This isn't something that is exclusive to Apple though this has always been an issue with them even regarding security issues with OS X.

>Despite all of the rightful moaning of iOS developers, for some reason they continue to flock to the Apple platform.

They develop for iOS because that is where the money is though this isn't the issue. It isn't as if the Android browser doesn't have its fair share of bugs.

>Apple will continue to treat their developers like second class citizens until there is a financial incentive to do otherwise.

You're right. Apple puts the interests of their customers first (not trying to be smug here). The developers come second. The only time you do hear complaints that go unanswered for devs it is usually only answered when there's a public (consumer) interest regarding it. A good example of this is Phil Schiller replying to customer's email about the Rogue Amoeba situation.

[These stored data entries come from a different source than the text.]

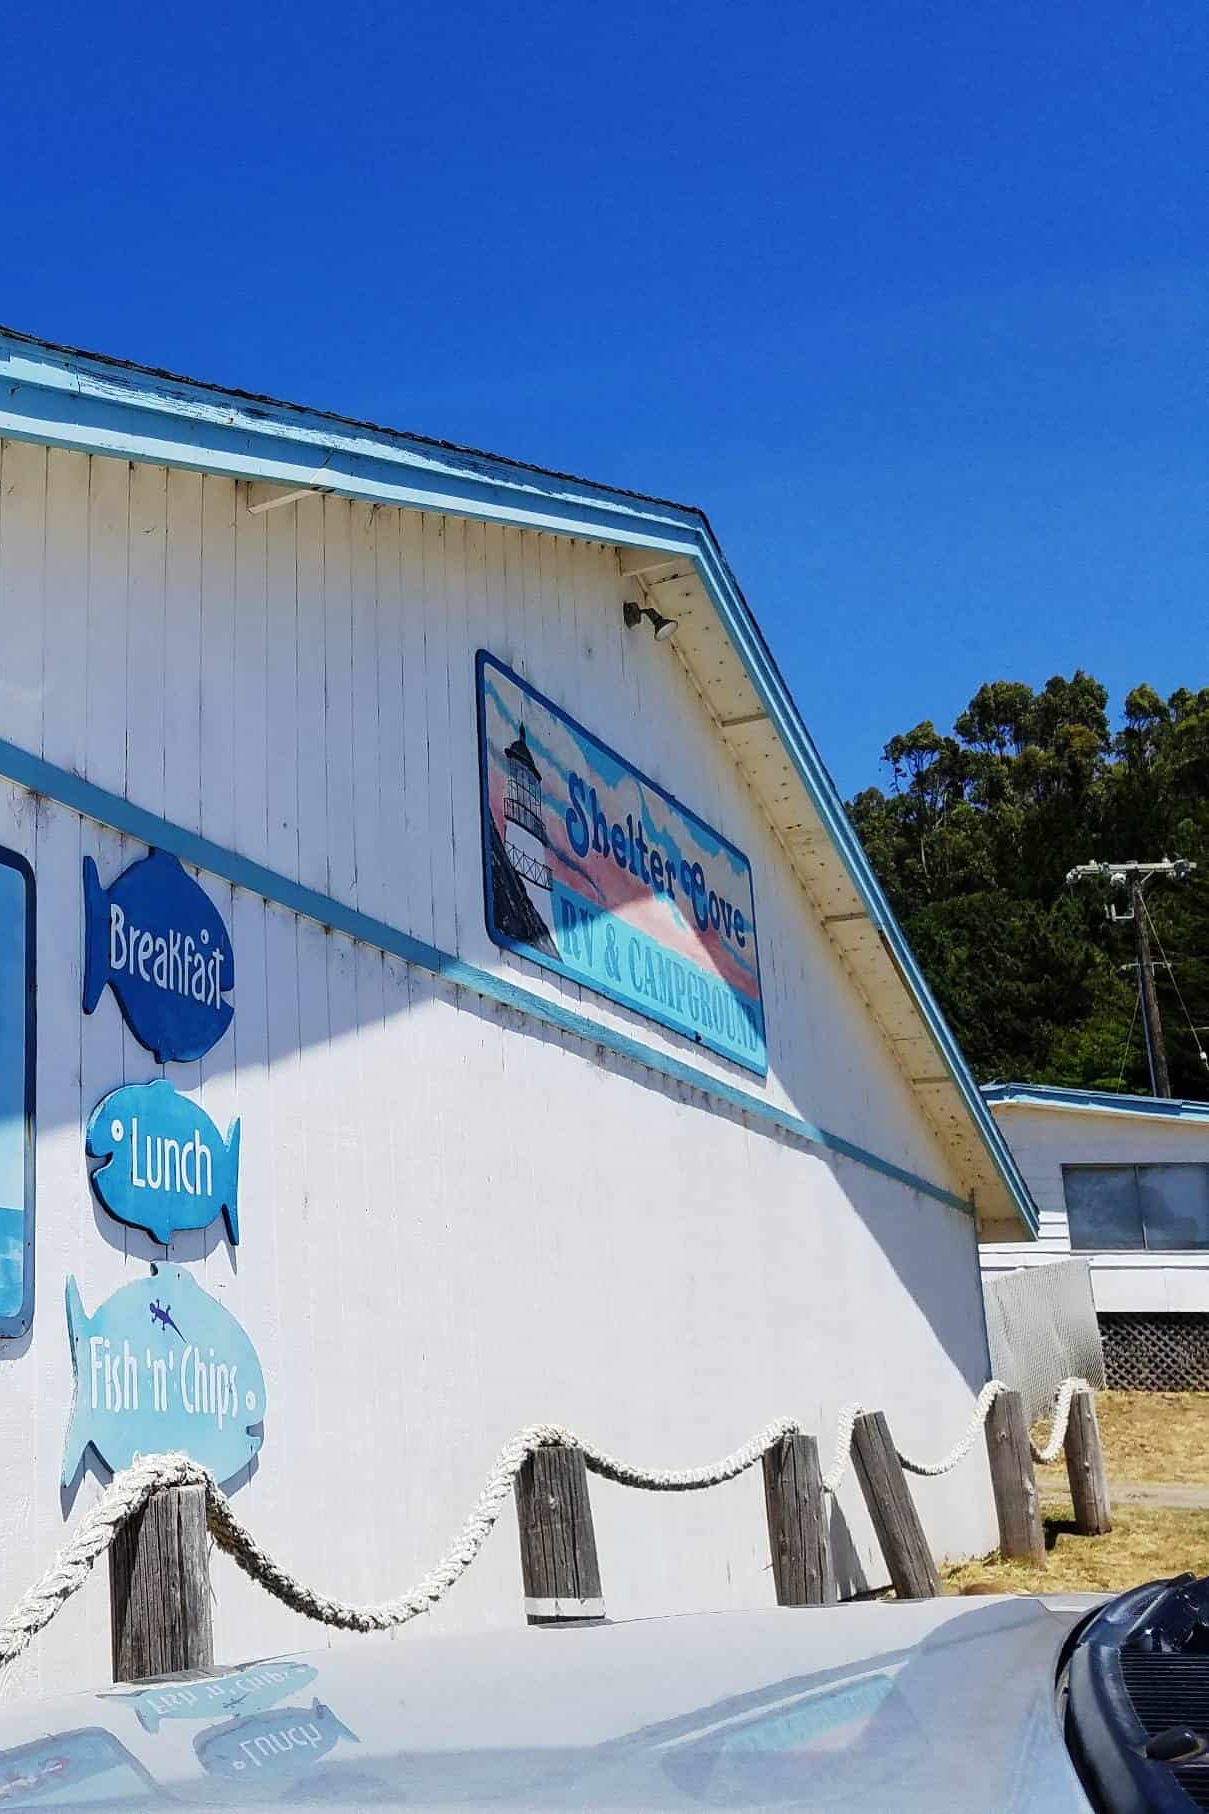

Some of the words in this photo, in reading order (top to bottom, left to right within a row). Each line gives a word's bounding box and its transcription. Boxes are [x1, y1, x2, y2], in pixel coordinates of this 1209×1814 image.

[565, 772, 678, 900] Shelter
[678, 858, 747, 949] Cove
[109, 903, 224, 1010] Breakfast
[558, 894, 594, 970] RV
[604, 921, 621, 983] &
[629, 935, 759, 1055] CAMPGROUND
[131, 1117, 212, 1196] Lunch
[90, 1336, 139, 1413] Fish
[180, 1345, 239, 1431] Chips
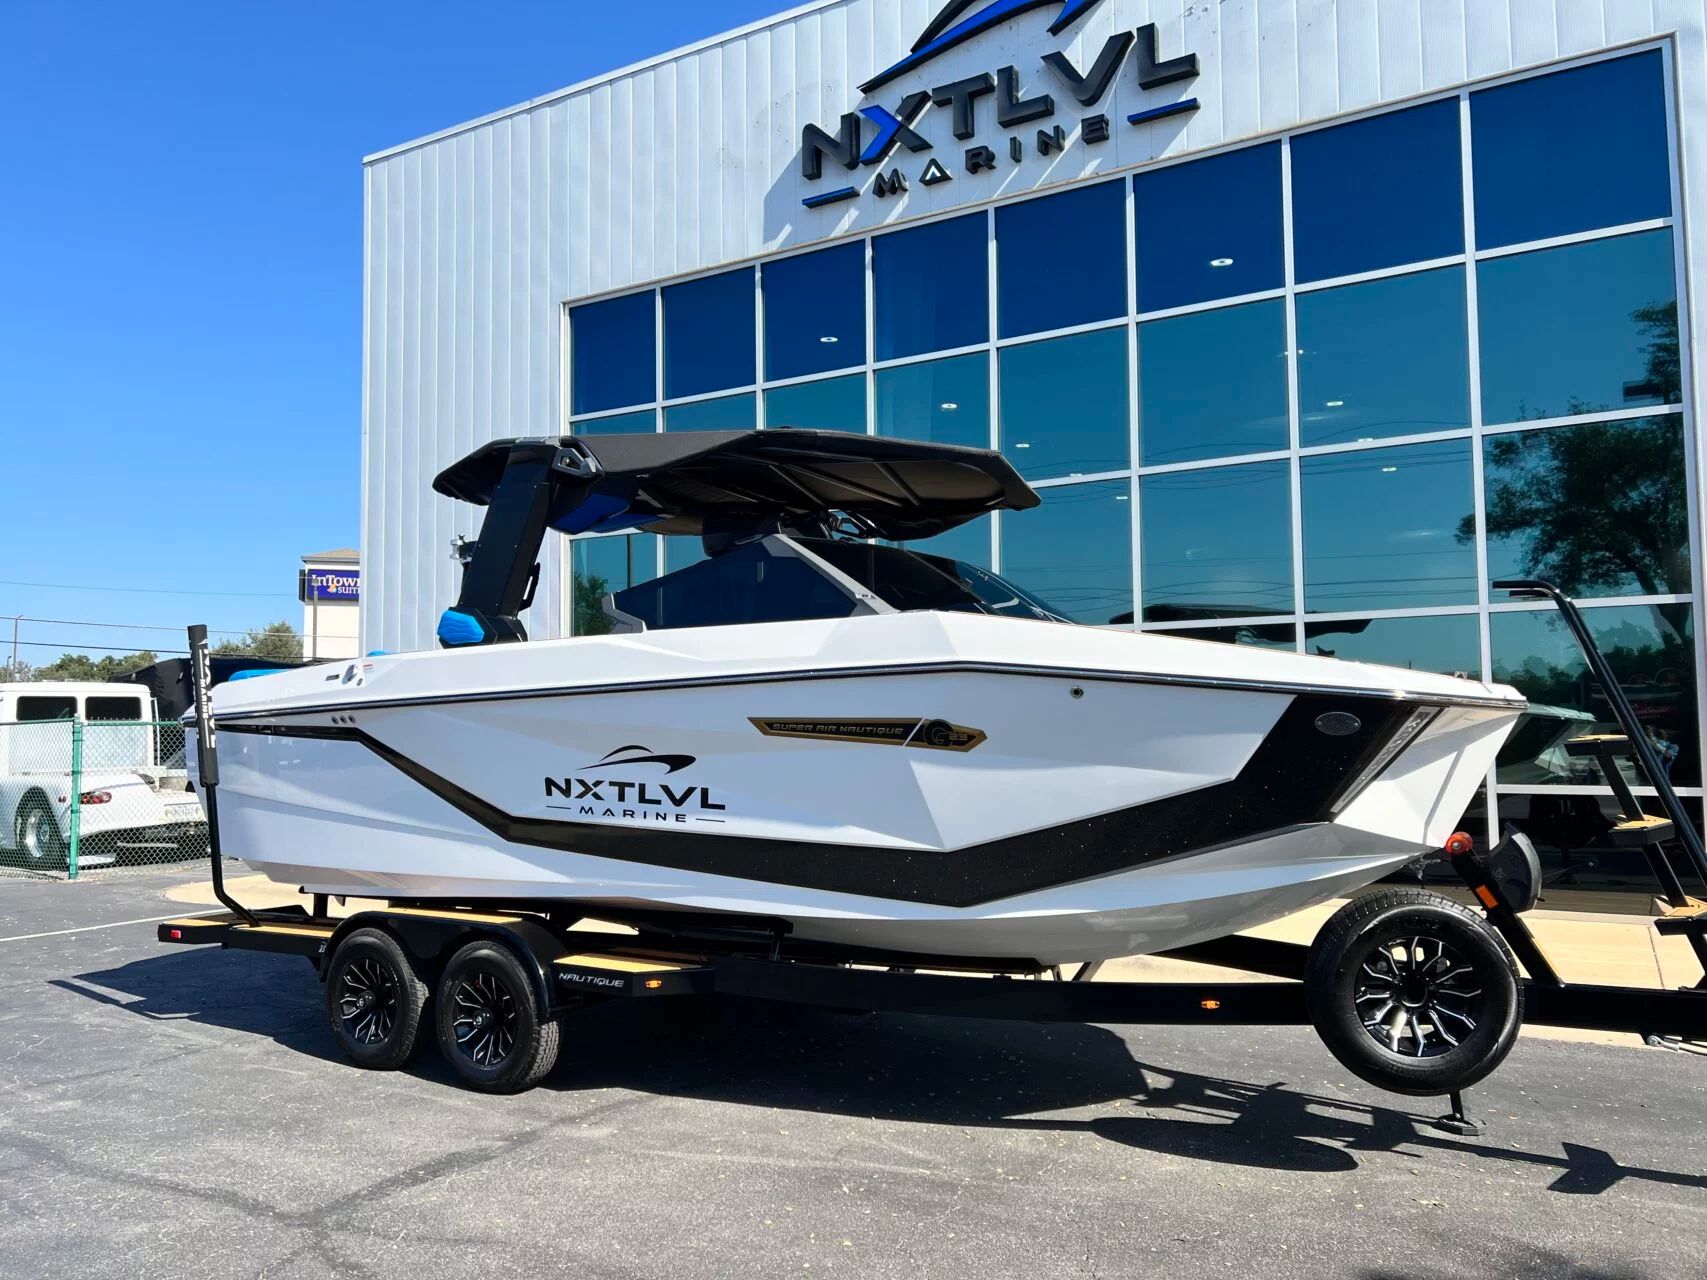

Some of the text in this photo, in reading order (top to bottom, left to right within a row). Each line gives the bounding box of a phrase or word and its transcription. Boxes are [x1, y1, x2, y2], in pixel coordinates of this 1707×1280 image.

[802, 22, 1200, 181] NXTLVL
[872, 114, 1110, 198] MARINE
[772, 723, 905, 735] SUPER AIR NAUTIQUE
[545, 777, 726, 811] NXTLVL
[579, 806, 687, 823] MARINE
[558, 972, 625, 988] NAUTIQUE

I'm certainly not defending Apple but this is a problem that has existed for as long as I've been interested in tech.



view as:

Wrong, Apple puts money before everything.

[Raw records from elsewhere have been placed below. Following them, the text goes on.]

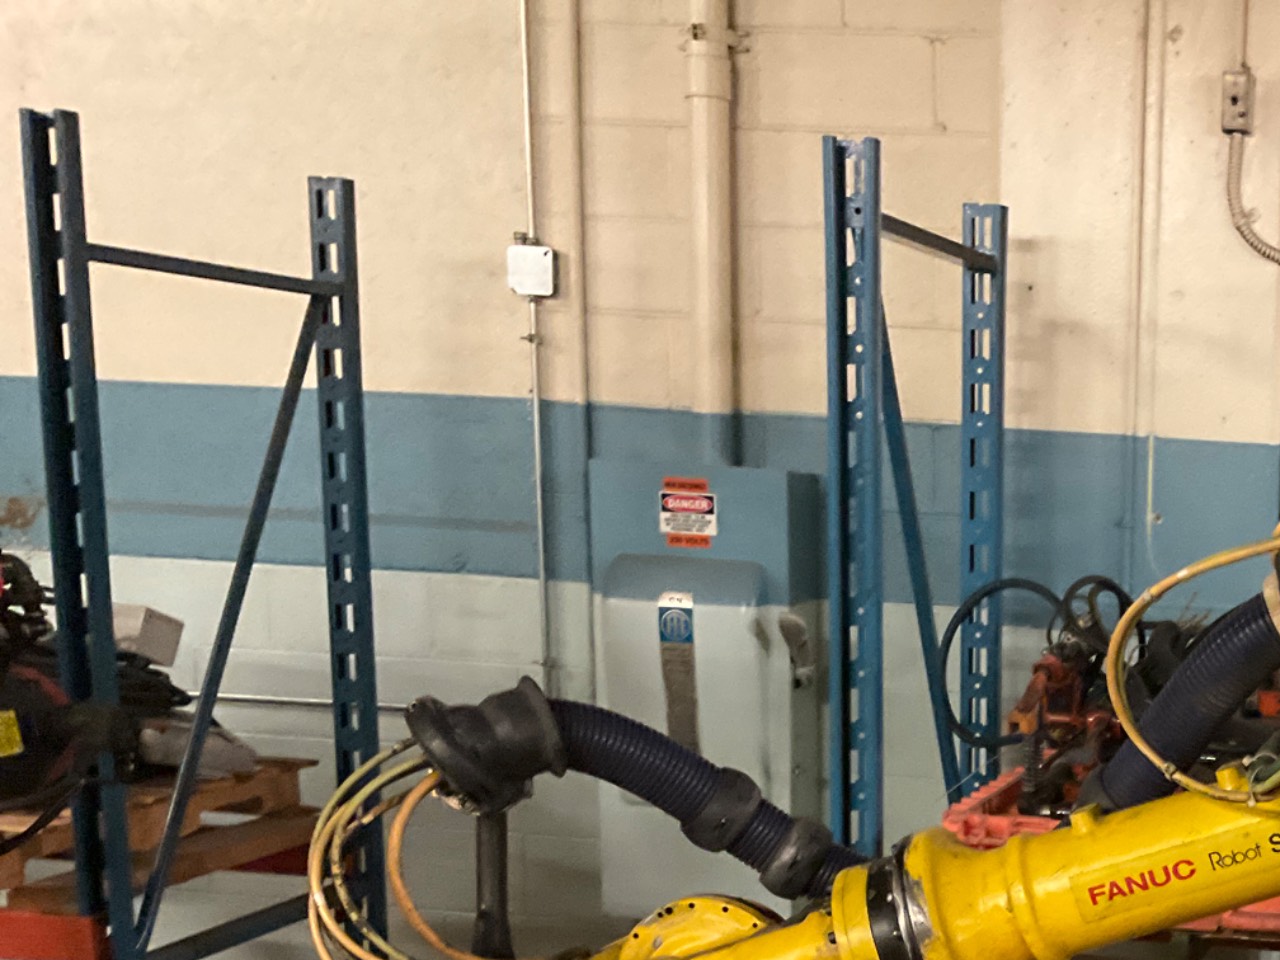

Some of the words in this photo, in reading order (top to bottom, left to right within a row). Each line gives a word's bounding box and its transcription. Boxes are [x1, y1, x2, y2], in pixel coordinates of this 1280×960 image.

[667, 498, 708, 510] DANGER
[1088, 859, 1196, 906] FANUC
[1208, 842, 1262, 871] Robot
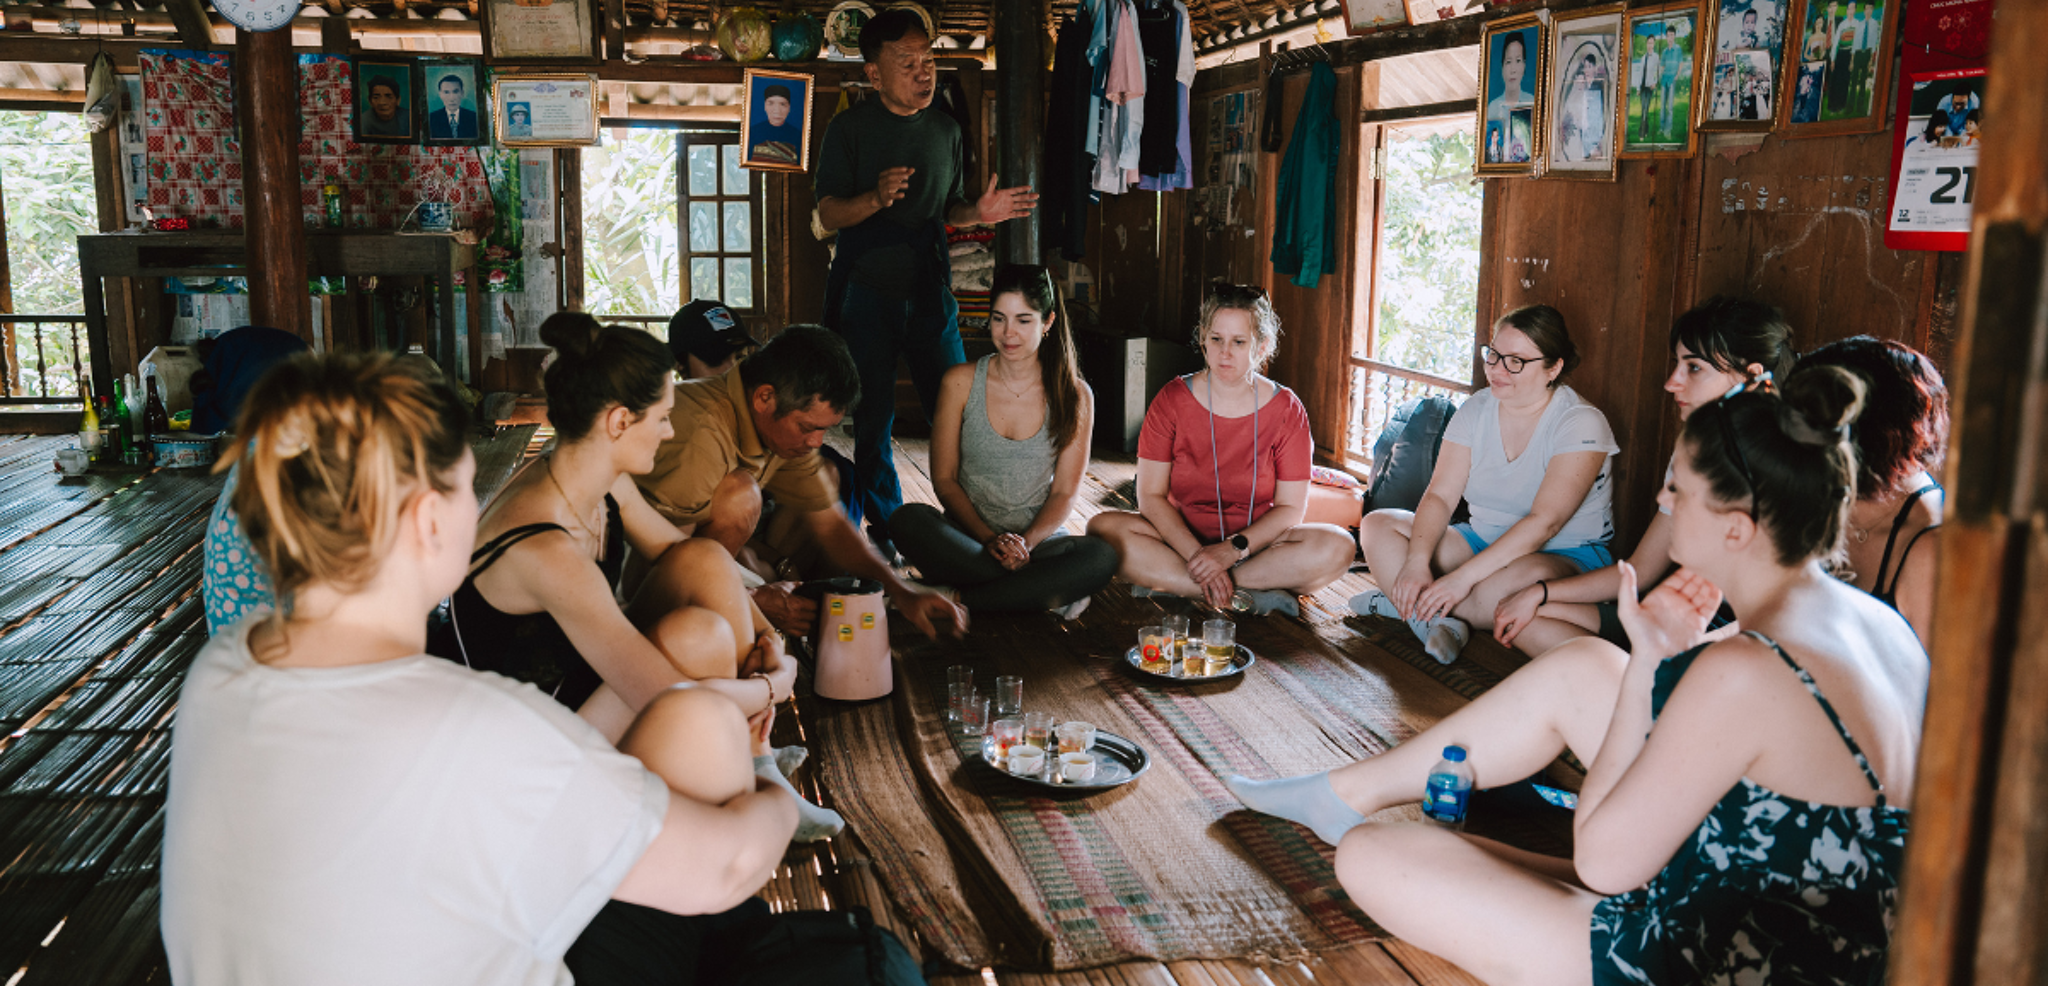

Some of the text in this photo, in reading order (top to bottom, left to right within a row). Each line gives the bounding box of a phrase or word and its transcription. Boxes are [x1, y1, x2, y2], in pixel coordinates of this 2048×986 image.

[231, 3, 239, 12] 7
[276, 4, 285, 13] 4
[245, 11, 255, 21] 6
[263, 11, 272, 21] 5
[1930, 167, 1977, 204] 21
[1899, 209, 1909, 217] 12

http://news.ycombinator.com/item?id=4193287


I did click on the link and did read the article though it lacked virtually any detail.

Of course Apple cares about money but they make their money by customers buying their hardware. They put their customers first because that is where they make their money.

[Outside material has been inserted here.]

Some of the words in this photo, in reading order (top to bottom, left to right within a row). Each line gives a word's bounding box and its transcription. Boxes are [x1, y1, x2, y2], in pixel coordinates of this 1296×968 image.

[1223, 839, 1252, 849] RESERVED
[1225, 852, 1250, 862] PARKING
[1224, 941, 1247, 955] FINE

As a counterpoint, Apple refuses to pay employees on commission because Jobs didn't want them upselling to consumers because there is a less chance of them being a returning customer.

It's the goal of every business to make money. It's how you go about it that tells the story.


Actually, the goal of a business is to create a customer.

Yeah - customers who spend money.

Is there any other kind?

Only by degrees.

From Apple's standpoint as a publicly traded company, their mandate is to maximize shareholder value.

Their mandate is to do whatever their prospectus says they are going to do.

As for maximizing shareholder value, I think they've done pretty well there. I don't care for their software that much, but in terms of running a publicly-traded corporation, they've done an excellent job.


No, the goal is to make money. If a business can make money without customers, then it's still a successful business. (Though it may be a racket). Making a business with lots of customers, but no money, at best is called a startup... ;)

what that article says is "Even if it Italy(and all UE) the law says the hardware provider must grant 2 years warranty, Apple does not care and gives only one, and asks for money if you want the second." Explain me how this is putting the customers before the money.

Apple shows a nice face to the public but then does only what it's needed to get more money. proved by both this article and how they treat developers.

If it wasn't for the developers that filled the appstore with content apple would be still years back. But apple doesn't care.


You're pointing to an article that was very short and provided no detail.

I had to go through the HN thread to see that it's more complicated than what you make it out to be but I also read a story by John Paczkowski regarding this:

http://allthingsd.com/20120702/italy-accuses-apple-of-misrep...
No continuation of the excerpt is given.